Master the graphs first. AP Macro is really a handful of models — aggregate demand and supply, the money market, loanable funds, the Phillips curve, and foreign exchange — and most questions are some version of “shift this curve and explain what happens.” Our AP Macro cheat sheet lays out every graph and formula on one page.

Then practice the free response, since drawing correct, labeled graphs under time is a skill of its own. Work past questions against the rubric with our FRQ guide, drill one unit at a time with the Progress Check walkthroughs, and if you are weighing how tough it is, see whether AP Macroeconomics is hard.

When is the AP Macroeconomics exam, and how long is it

AP Macroeconomics is given once a year during the College Board’s May testing window, and the exam takes 2 hours and 10 minutes. The exact date and start time are set each year, so confirm the current schedule on the official AP calendar with your coordinator before you plan around it.

Frequently asked questions

Quick answers, written by humans.

How many questions are on the AP Macroeconomics exam?

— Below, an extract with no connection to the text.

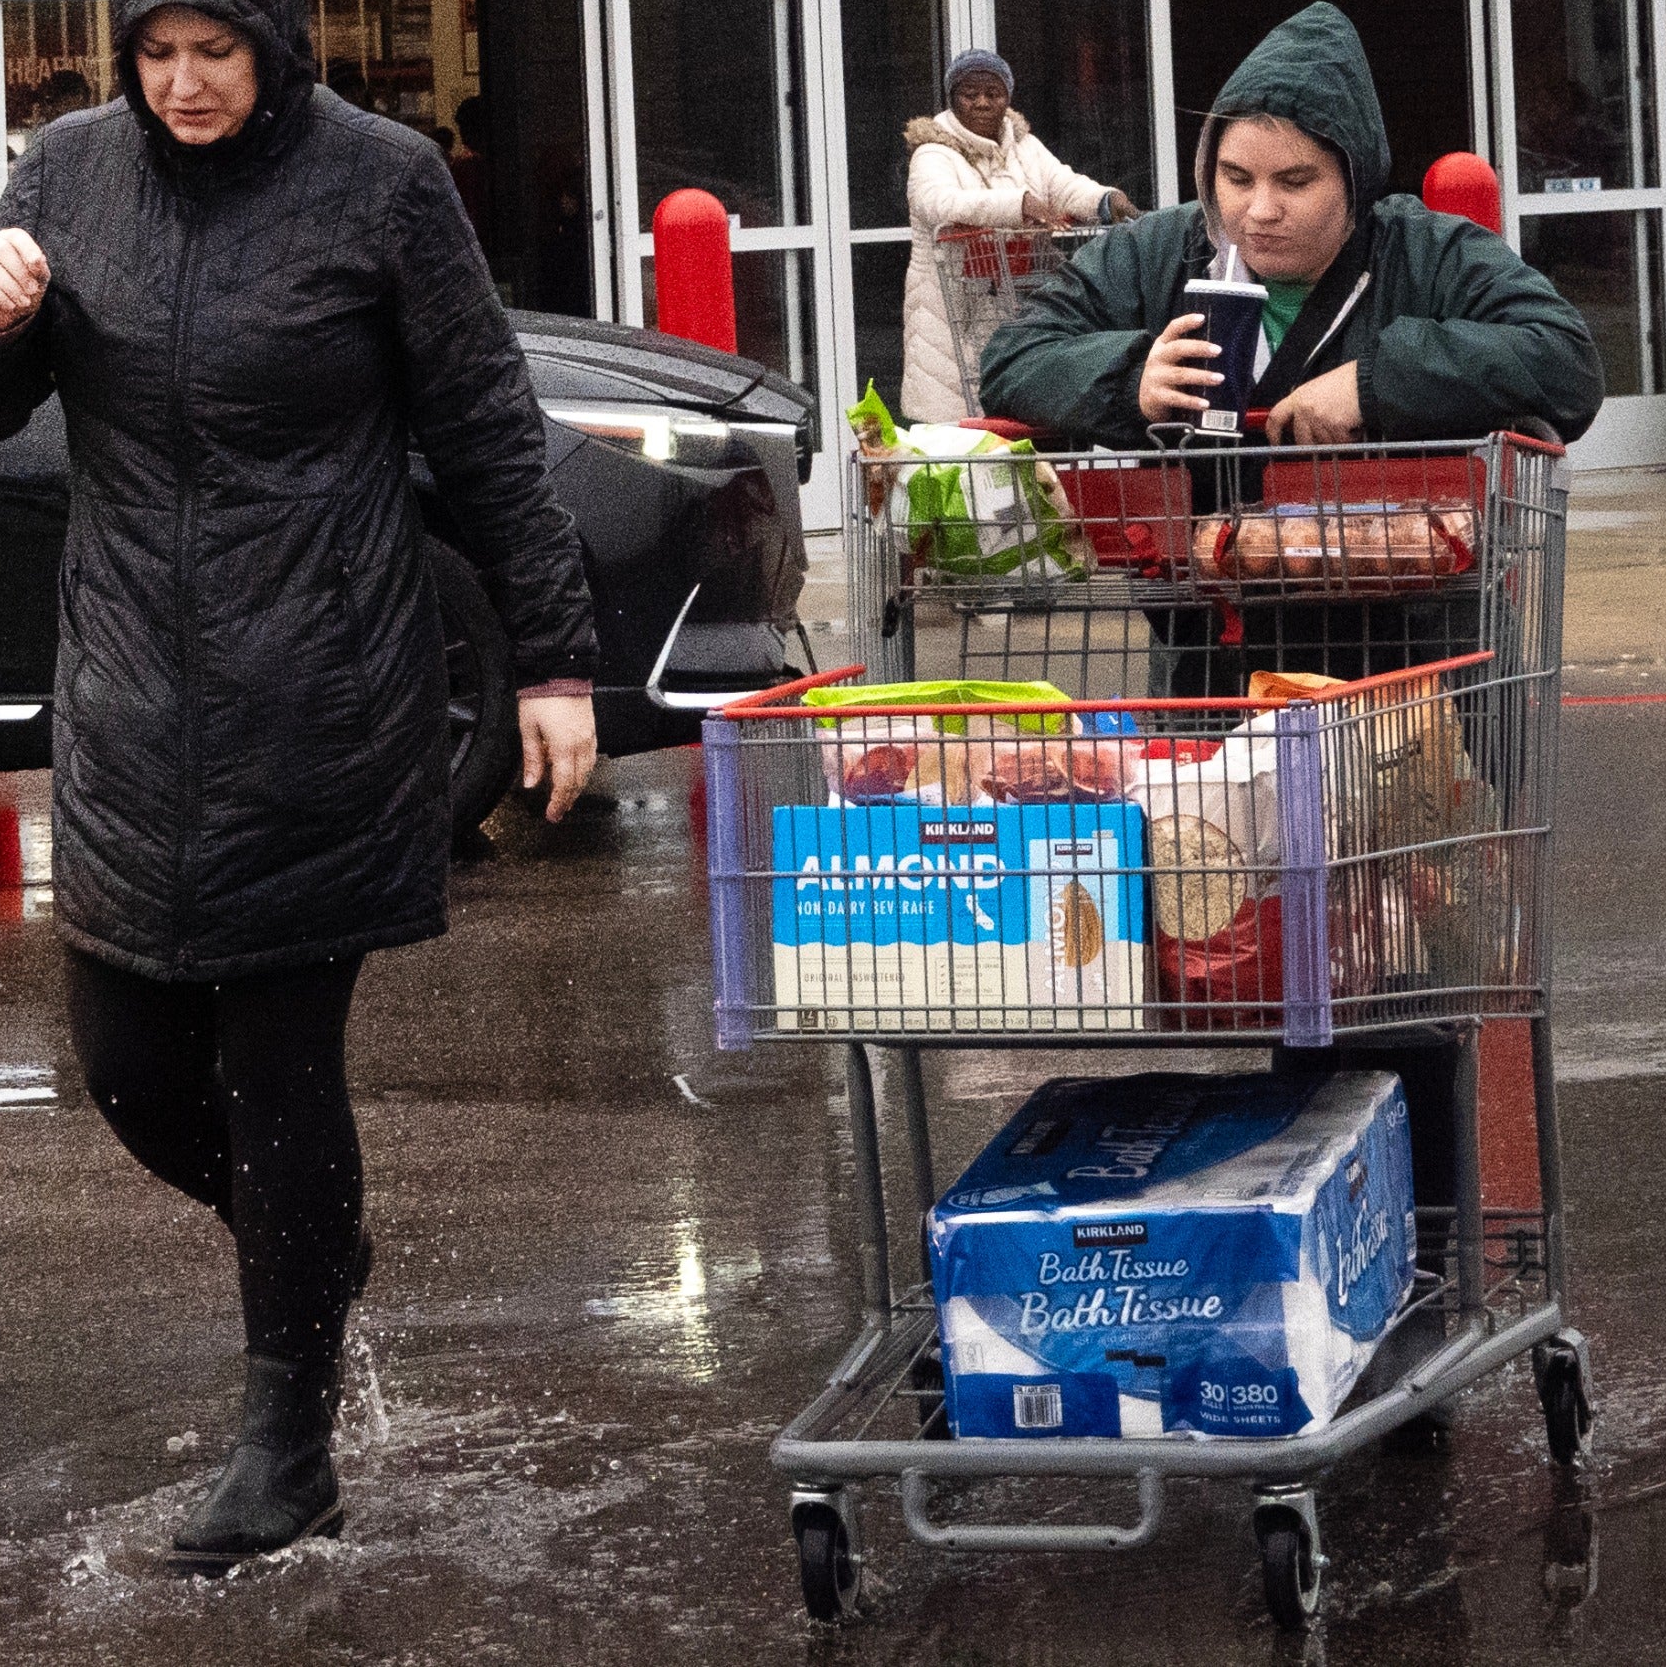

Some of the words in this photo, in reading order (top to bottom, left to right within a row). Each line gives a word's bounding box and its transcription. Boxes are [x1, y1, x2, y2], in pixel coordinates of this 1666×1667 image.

There are 60 multiple-choice questions and 3 free-response questions — one long FRQ and two short FRQs — split into two sections.

How long is the AP Macroeconomics exam?

Two hours and 10 minutes: 70 minutes for the multiple choice and 60 minutes for the free response (a 10-minute reading period plus 50 minutes of writing).

Is a calculator allowed on the AP Macroeconomics exam?

Yes — a basic four-function calculator is now permitted on both sections. No formula sheet is provided, so you still need to know the relationships.

How many units are on AP Macroeconomics?

Six. National Income and Price Determination (Unit 3), the Financial Sector (Unit 4), and Long-Run Consequences of Stabilization Policies (Unit 5) carry the most weight.

Is AP Macroeconomics hard?

It is one of the more challenging AP exams — the concepts are abstract and the free response leans on graphs and reasoning. Our difficulty guide goes deeper.

Is the AP Macroeconomics exam digital?

It is a hybrid: the multiple choice runs in the Bluebook app, while the free-response answers are handwritten in a paper booklet.